Shaham v Tenet Health
In yet another physician who could not leave well enough alone. The plaintiff was put on a focused peer review and exonerated. he then sued for defamation in an area that believes in the Anti-SLAPP concept unique to California. He lost for several reasons. The main one is that the peer review process is protected speech and the second was he had no facts. He also acted as his own attorney.
Roberts v Legacy Meridian Park
Dr. Roberts, a neurosurgeon, had his privileges restricted. He sued for racial discrimination and as part of the suit wanted his and other peer review records. As there is no federal peer review privilege in the 9th Circuit and he sued in federal court for a federal reason the court allowed his motion for both his and his fellow neurosurgeon's peer review records.
Riley v St. Mary Med Ctr
A 62 year old nurse complained that she was being harassed by another nurse. In response the hospital gave her less shifts as a Charge Nurse and gave the other shifts to a younger nurse. After hiring another younger nurse the plaintiff was fired. She sued for age discrimination. The court said the claim for termination could go forward but no claim for disability since she did not provide adequate factual basis for the claim.
Aawad v Lago Med Ctr
In hopefully the end to this case, Dr. Aawad has been denied the ability to go forward with this case. He is attempting to prove his dismissal from the hospital was discrimination when the hospital showed a non-discriminatory reason fro letting him go. He could not rebut the hospital reason adequately.
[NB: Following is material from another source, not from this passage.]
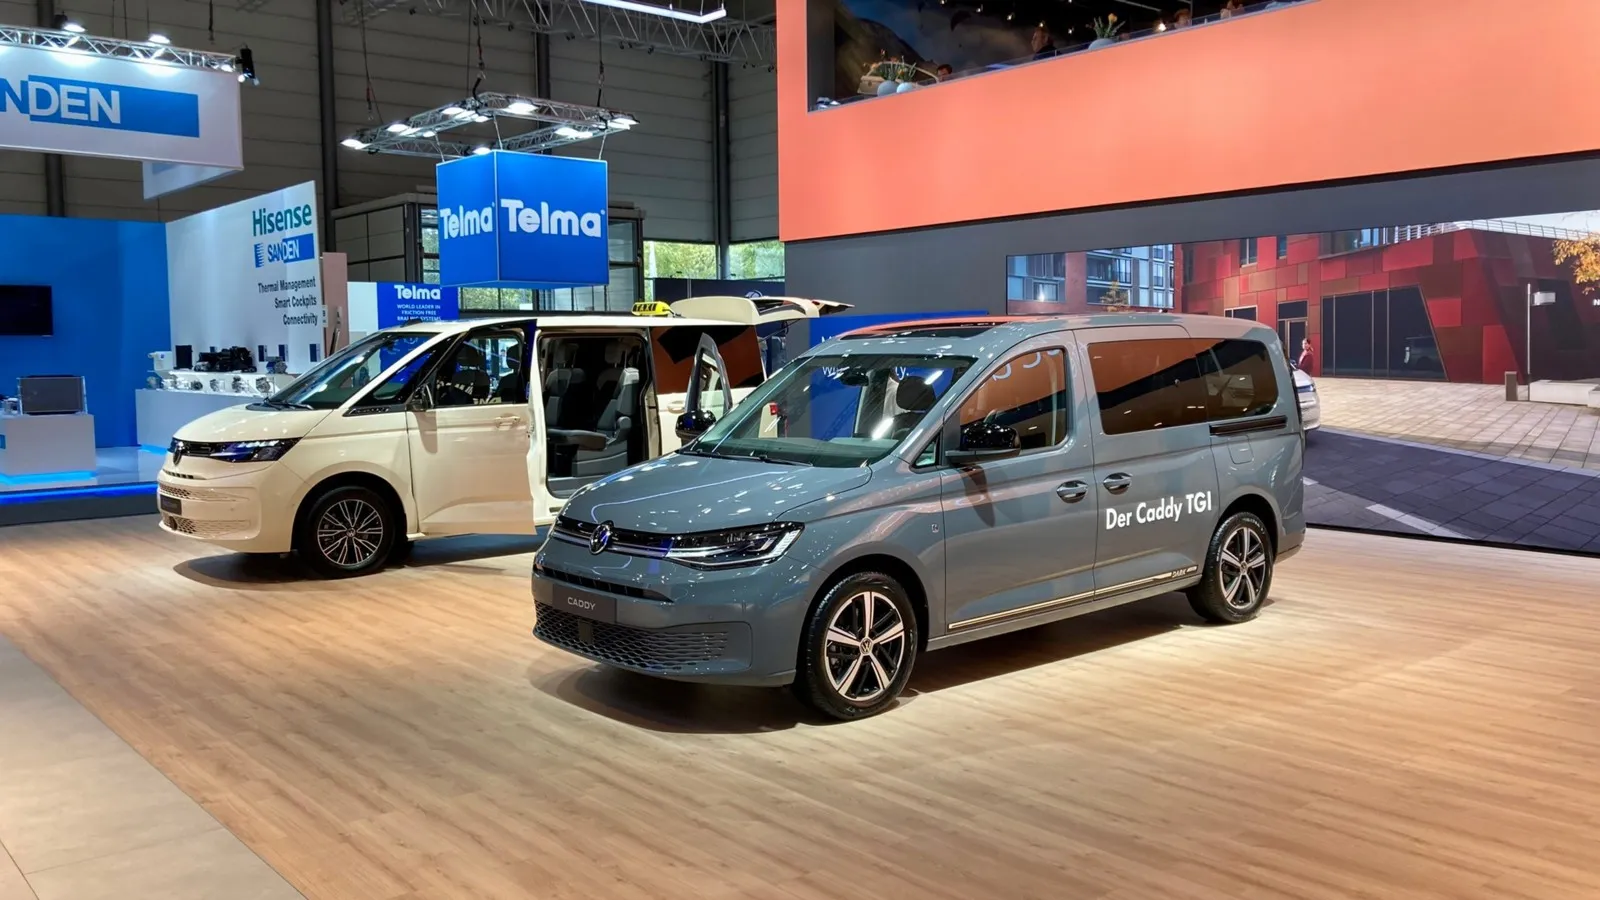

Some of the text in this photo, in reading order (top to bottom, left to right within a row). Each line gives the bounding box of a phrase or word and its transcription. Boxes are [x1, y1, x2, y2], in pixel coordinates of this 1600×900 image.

Dudark v Southwestern Med Ctr.
The therapist complained to her supervisor that she was being paid the same as two less experienced black therapists and for that she she received a warning from the supervisor's supervisor (Doyle). A year later she reported Doyle for a HIPAA violation as well as the pay issue and for that she was terminated. She sued. She won at summary judgment and the case will either go to trial or be settled. Top
In the continuing fiasco called EHR, people are still being injured and their data compromised. Remember EHR is for collection of data not patient care and all this is unnecessary.
Patients v Molina Healthcare
A contractor for Molina Health sent out postcards with patient's SSN. Idiocy never rests. This was over 5000 people.
Patients v UMass Memorial Med Ctr.
The healthcare entity notified 2400 people that an employee hacked their information and may have used it to open phony credit cards.
HHS (OCR) v New York Presbyterian
HHS (OCR) has fined New York Presbyterian Hospital and Columbia University $4.8 million for not having security precautions on their ePHI and allowing about 6000 records to be posted on the open internet. The fine is $3.3 million for New York Pres and $1.5 million for Columbia. They also have to put in appropriate security. Top
Sissel v HHS
The suit is again to toss Obamacare as unconstitutional. The basis this time is the Senate initiated the law when it was a tax (according to Roberts) and this is against the Constitution Origination Clause. However the Senate only amended a bill that originated in the House. The original bill was three pages long and the Obamacare was thousands. The original bill had to do with housing tax credits for veterans not healthcare. However it was a tax bill. Top
DISCLAIMER: Although this article is updated periodically, it reflects the author's point of view at the time of publication. Nothing in this article constitutes legal advice. Readers should consult with their own legal counsel before acting on any of the information presented.